There's a small list of Canadian-set romances (including one of yours) at AAR.
"It is true, however, that Can Lit considered romance novels not-books."
Jane Litte, in her paper at the conference, referred to how this sort of attitude was stated quite explicitly by Hilzoy in a post at Obsidian Wings:
"romance novels [...] are not "books", as that word is normally used. They are either tools for relaxation or the female equivalent of porn. They should therefore be compared not to War and Peace, but to either Ultimate Sudoku or the Hustler centerfold."
Hilzoy was then challenged about this, and her further explanation really didn't make things much better:
"Gary and others were offended by the part about romance novels. I think I didn't make my point particularly clearly, so let me try to explain what I meant.

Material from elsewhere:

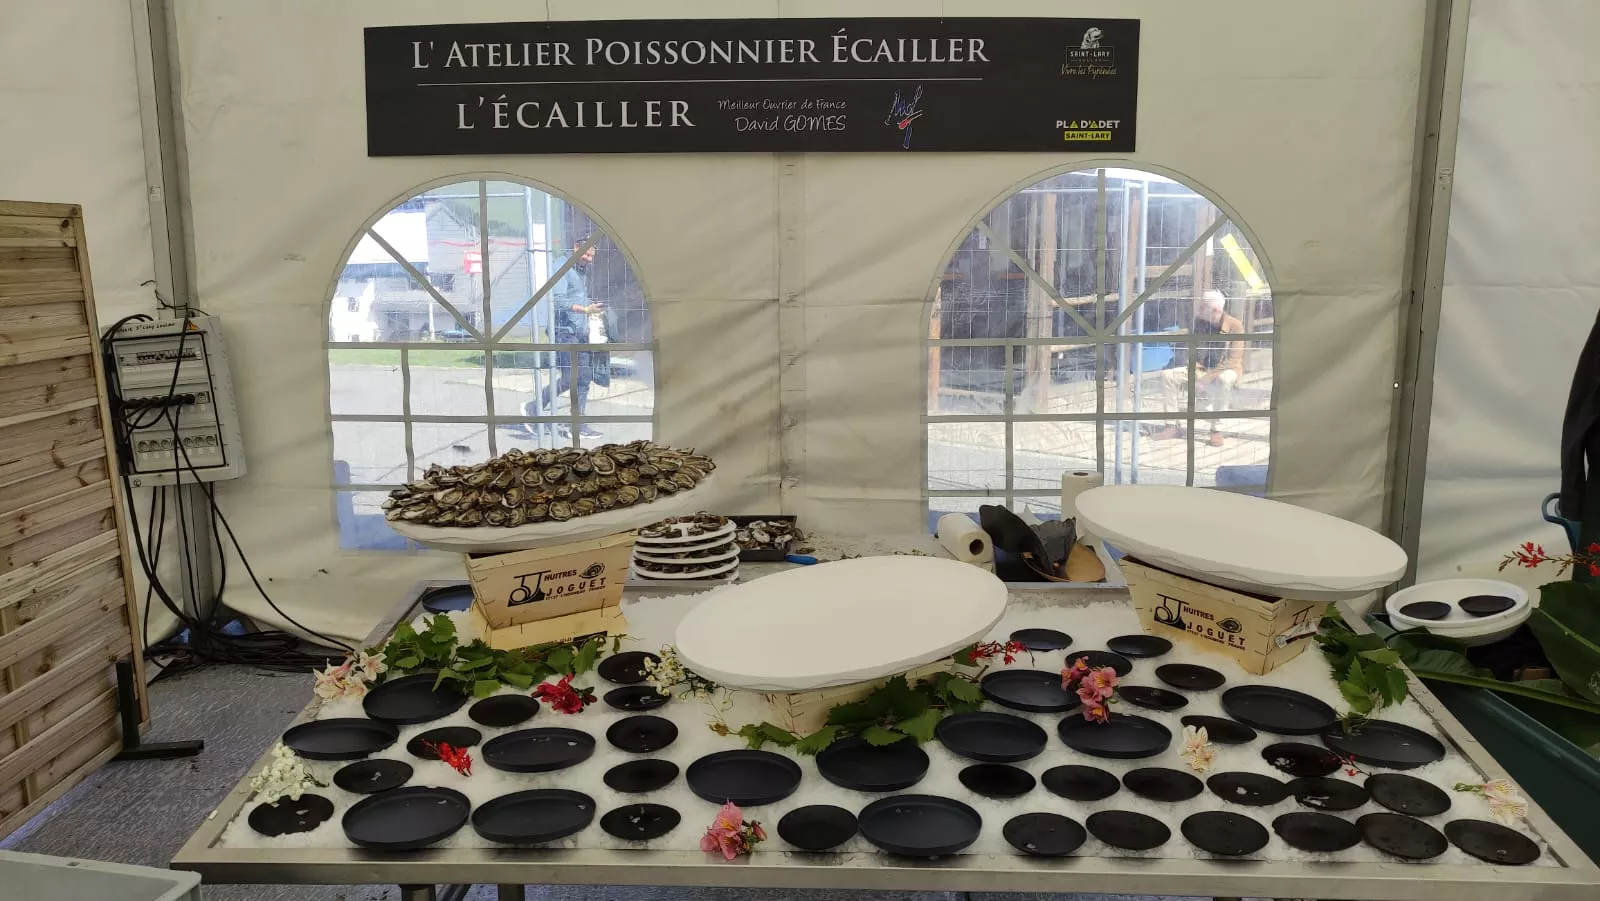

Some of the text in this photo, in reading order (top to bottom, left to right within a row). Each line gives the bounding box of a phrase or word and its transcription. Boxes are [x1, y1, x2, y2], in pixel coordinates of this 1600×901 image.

First, a clarification: I meant, and should have said, genre romance novels. I did not mean Jane Austen. Moreover, I meant genre romance novels, not genre fiction generally. [...] I did not mean it to imply, anything about the quality of genre romances. I honestly think not just that most of them stack up pretty well against your average Hustler centerfold, which isn't hard, but that some of them are quite good. [...] when I said that "romance novels are not "books", as that word is normally used", I should, first of all, have said not books but novels, and specifically non-genre fiction. For better or for worse, I think that genre romance (again, I'm agnostic on, because largely ignorant of, other genres) is a different thing than non-genre fiction, and different in large part because it is best seen as a highly constrained performance -- as more like the compulsory program in figure skating, while non-genre fiction is like the freestyle part, where you really can do whatever you want.
I did not, and do not, mean this claim to imply anything at all about the merits of genre romance novels. Even my original claim only implies this if you think (which I assume no one does) that books are more valuable than anything else, or that if something isn't a book in the normal sense, it must be less good. This is obviously false"
Hmm. Ironically, Hilzoy's post was tagged "Why Are They Saying Those Things?"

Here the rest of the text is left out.